McCarrick has gone. But McCarrickism lives on

Then-Cardinal Theodore McCarrick at the White House in 2002 with Condoleezza Rice, Bono and George W Bush (Getty)

The defrocked ex-cardinal represented a certain style: careerist, accommodating, and at home among the wealthy and powerful

The defrocking of the former Cardinal, and now former priest, Theodore McCarrick, might seem to draw a line under the whole sorry saga. But McCarrick was never just about McCarrick, but rather about what could be called McCarrickism: the rise and predominance of a certain kind of prelate.

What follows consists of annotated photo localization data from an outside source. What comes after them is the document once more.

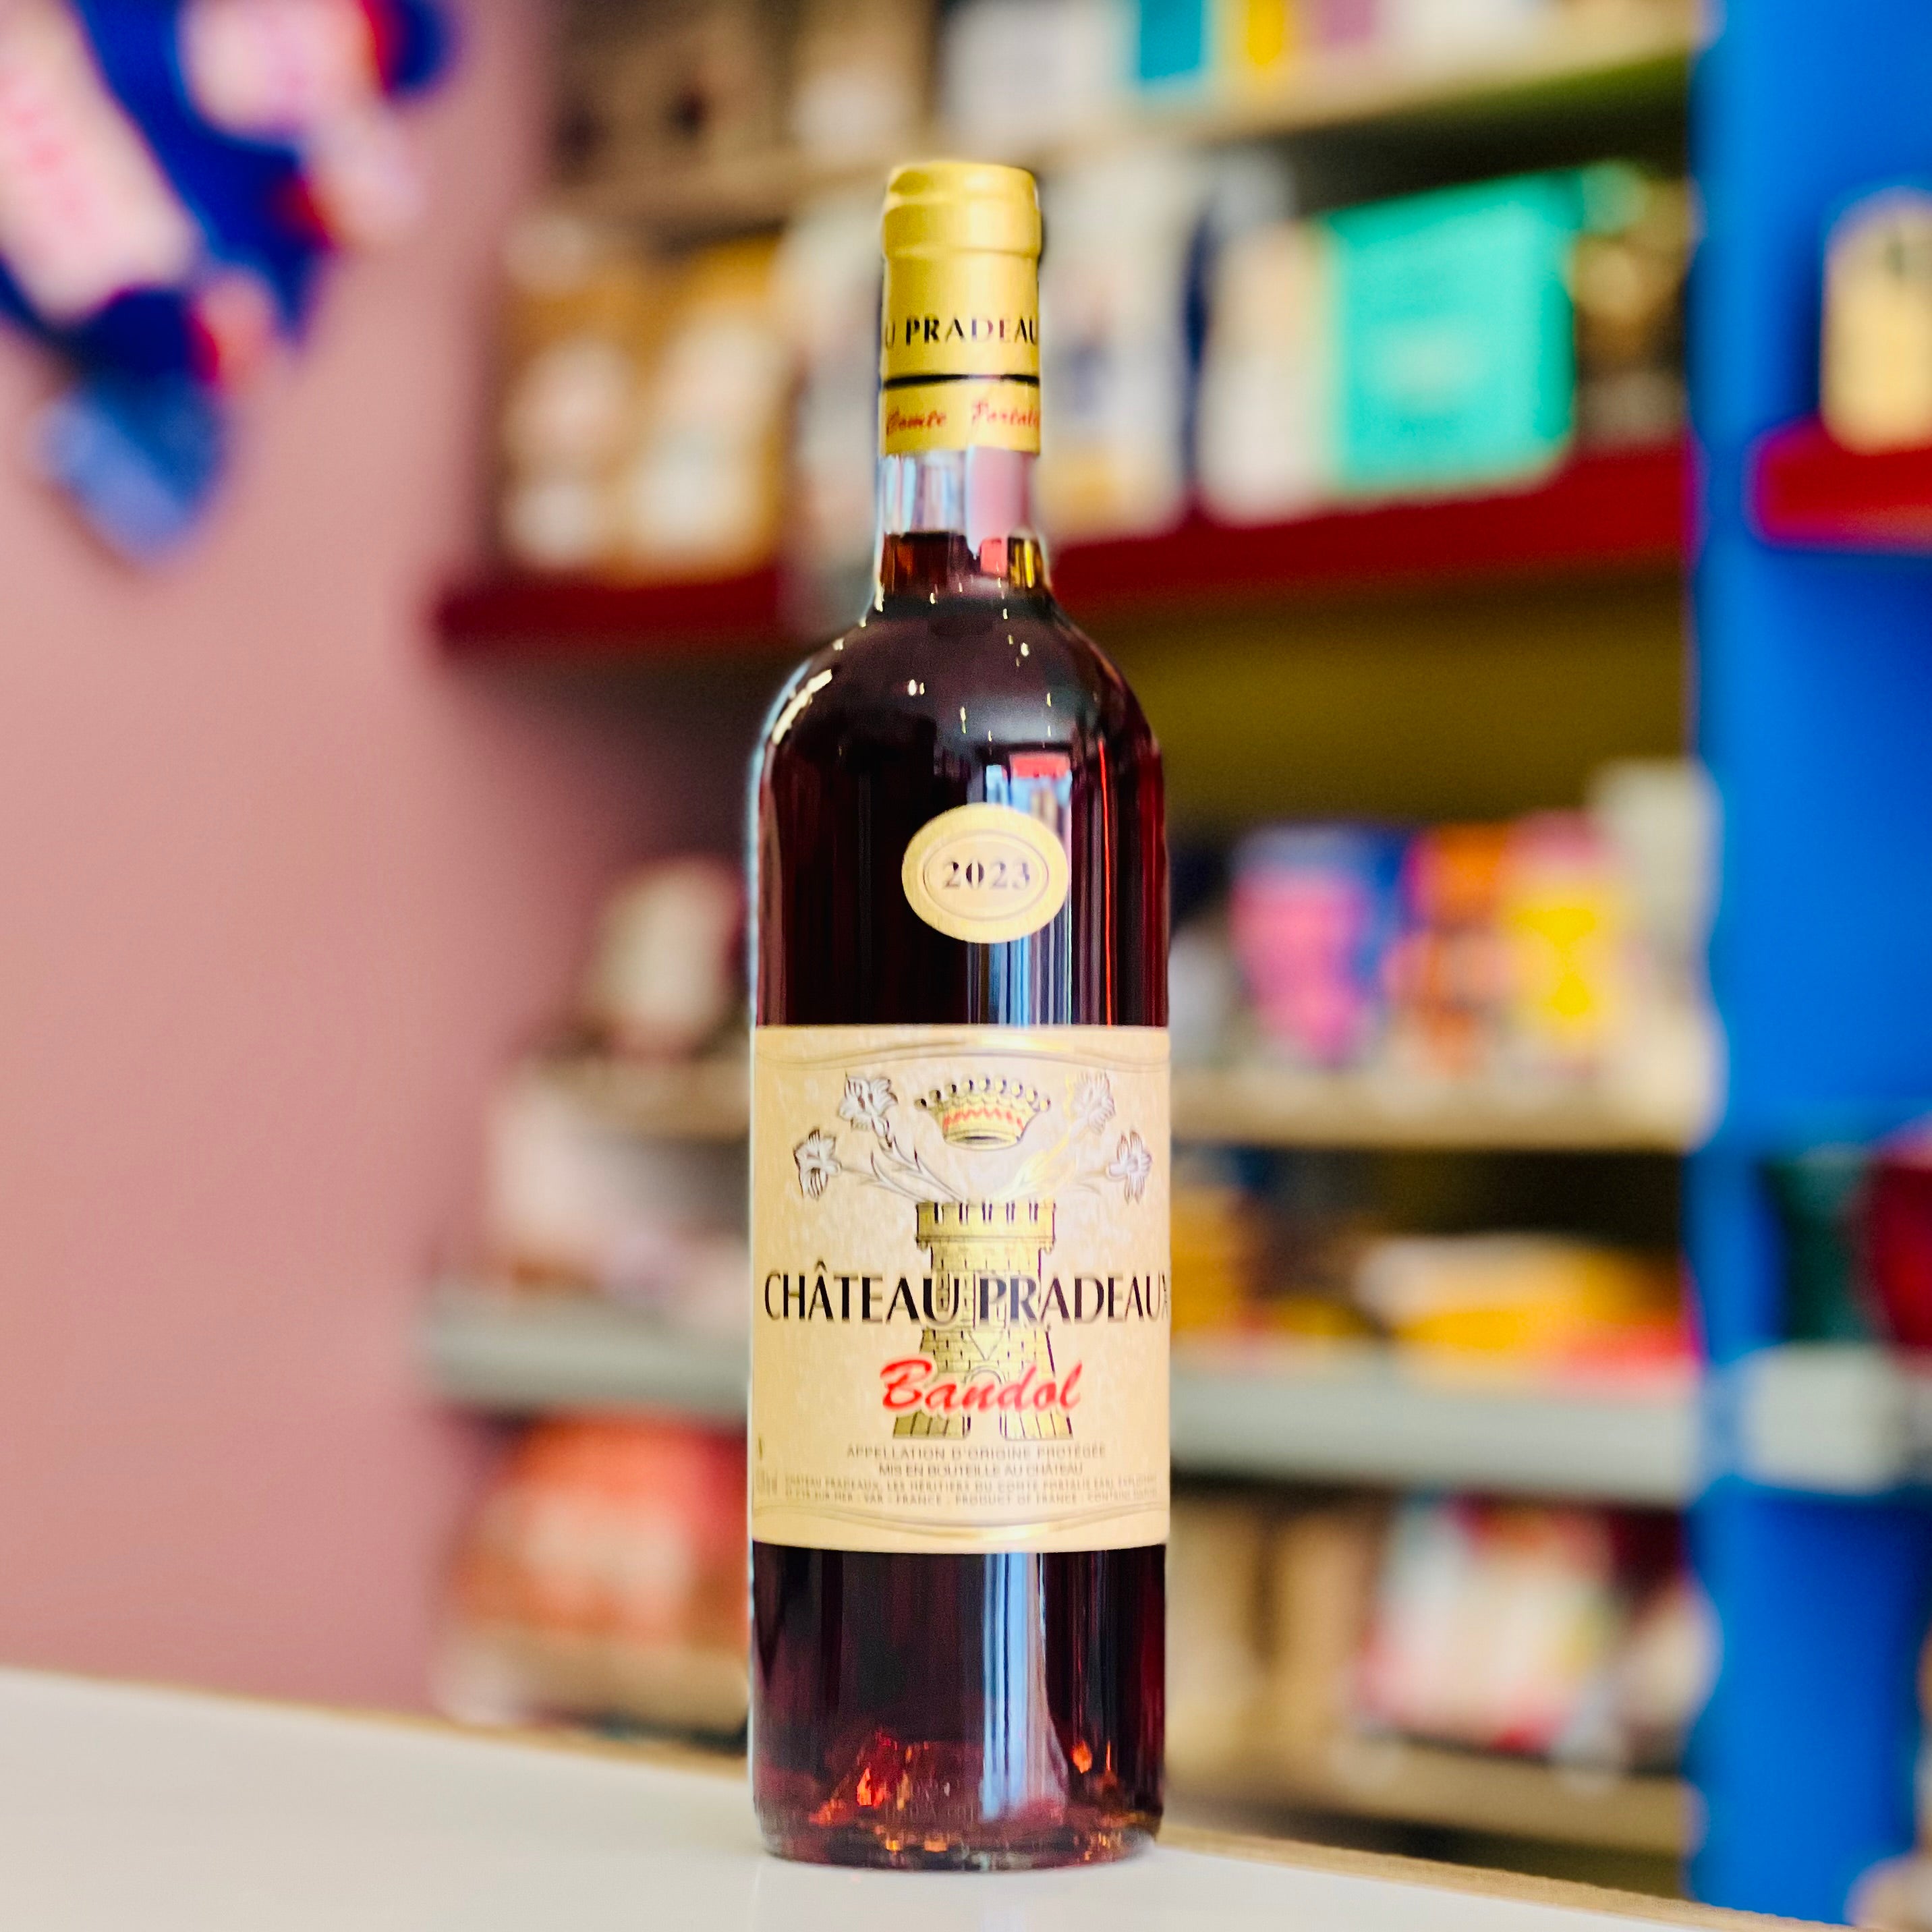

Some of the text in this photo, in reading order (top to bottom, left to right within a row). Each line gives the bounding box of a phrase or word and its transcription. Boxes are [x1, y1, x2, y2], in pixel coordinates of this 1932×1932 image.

[944, 858, 1030, 889] 2023
[764, 1257, 960, 1326] CHÂTEAU
[879, 1357, 1083, 1412] Bandol
[847, 1443, 945, 1460] APPELLATION
[879, 1463, 902, 1477] MIS
[928, 1464, 1001, 1478] BOUTEILLE
[1005, 1465, 1023, 1477] AU

First of all, they handle money well; they raise funds with ease; they know all the right people, all the powerful politicians, all the millionaires and all the influencers; they do not rock the boat, they do not challenge the spirit of the age; rather they get on very well with the lords of this world.

These prelates do not often share “Uncle” Ted’s proclivities, nor is soft living the absolute norm. What McCarrickism always means is a spirit of accommodation with the world and the spirit of the age; a worldly wisdom; the ability to get on equally well with the Bushes and the Clintons. Above all, it means not taking sides, even when one of those sides would seem to be that of the Catholic Church; or if stands are to be taken, they are on the most fashionable of causes – McCarrickism is on the side of the poor, migrants and the environment.

McCarrick’s vileness was not just seen in the beach house in Seagirt, New Jersey.  It was there, too, in the trips to China: the way he schmoozed the persecutors of the Church, Communist dictators who have oppressed millions. And it was there in the way he ironed out difficulties and differences, especially when those difficulties and differences might have been caused by adherence to Catholic truth.

The central rule of McCarrickism, analogous to the mafia’s insistence on omertà, is to look out for your friends, for it is to them you owe your position. McCarrickism depends on a web of favouritism, deceit and silence, and in the toils of this networking, Catholic truth is the first casualty. Archbishop, later Cardinal, McCarrick had many allies, and they all knew what he was like. (The alternative possibility was that they knew nothing, in which case they are deeply unobservant human beings and not worthy to exercise oversight in the Church.) They all knew, and they only took action when the secret was out and they had no choice. If the secret had held, McCarrick would never have been defrocked, but would eventually have died and been buried with honour.

Two observers with very different backgrounds have told us as much. According to Archbishop Viganò, McCarrick was protected despite the widespread knowledge of his offences. According to Frédéric Martel, the pope’s entourage defended McCarrick because his relations were thought to be “only” with adult men – young priests and seminarians. This completely ignores the fact that McCarrick’s was a bishop/archbishop/Cardinal, a man in authority over them; they turned him down at their cost. This was an abuse of power. Sexual harassment of seminarians is not the same as preying on children, but there are similarities. Both are profoundly immoral. But what is shocking here is the idea that a prelate can harass seminarians, and other prelates will turn a blind eye. That is to say, they will view sin as no serious matter. Quite simply, that is outrageous. But for some prelates, when it came to weighing in the balance the interests of their friend Ted, naturally it was Ted who prevailed.

McCarrickism is not the way of the saints. People like St Francis and Don Bosco followed the way of Jesus Christ and sought out the poor, the lame and those who were at the bottom of the pile. They did not cultivate the rich. Jesus himself only visited the White House of his day to be condemned to death.

Perhaps we will forget McCarrick, though he is in desperate need of our prayers. But we must remember McCarrickism: the careerism, the cronyism, the cultivation of those in high places, the love of money, the desire to seek accommodation with the world at the expense of Catholic truth – for, left unchecked, these will destroy the Church.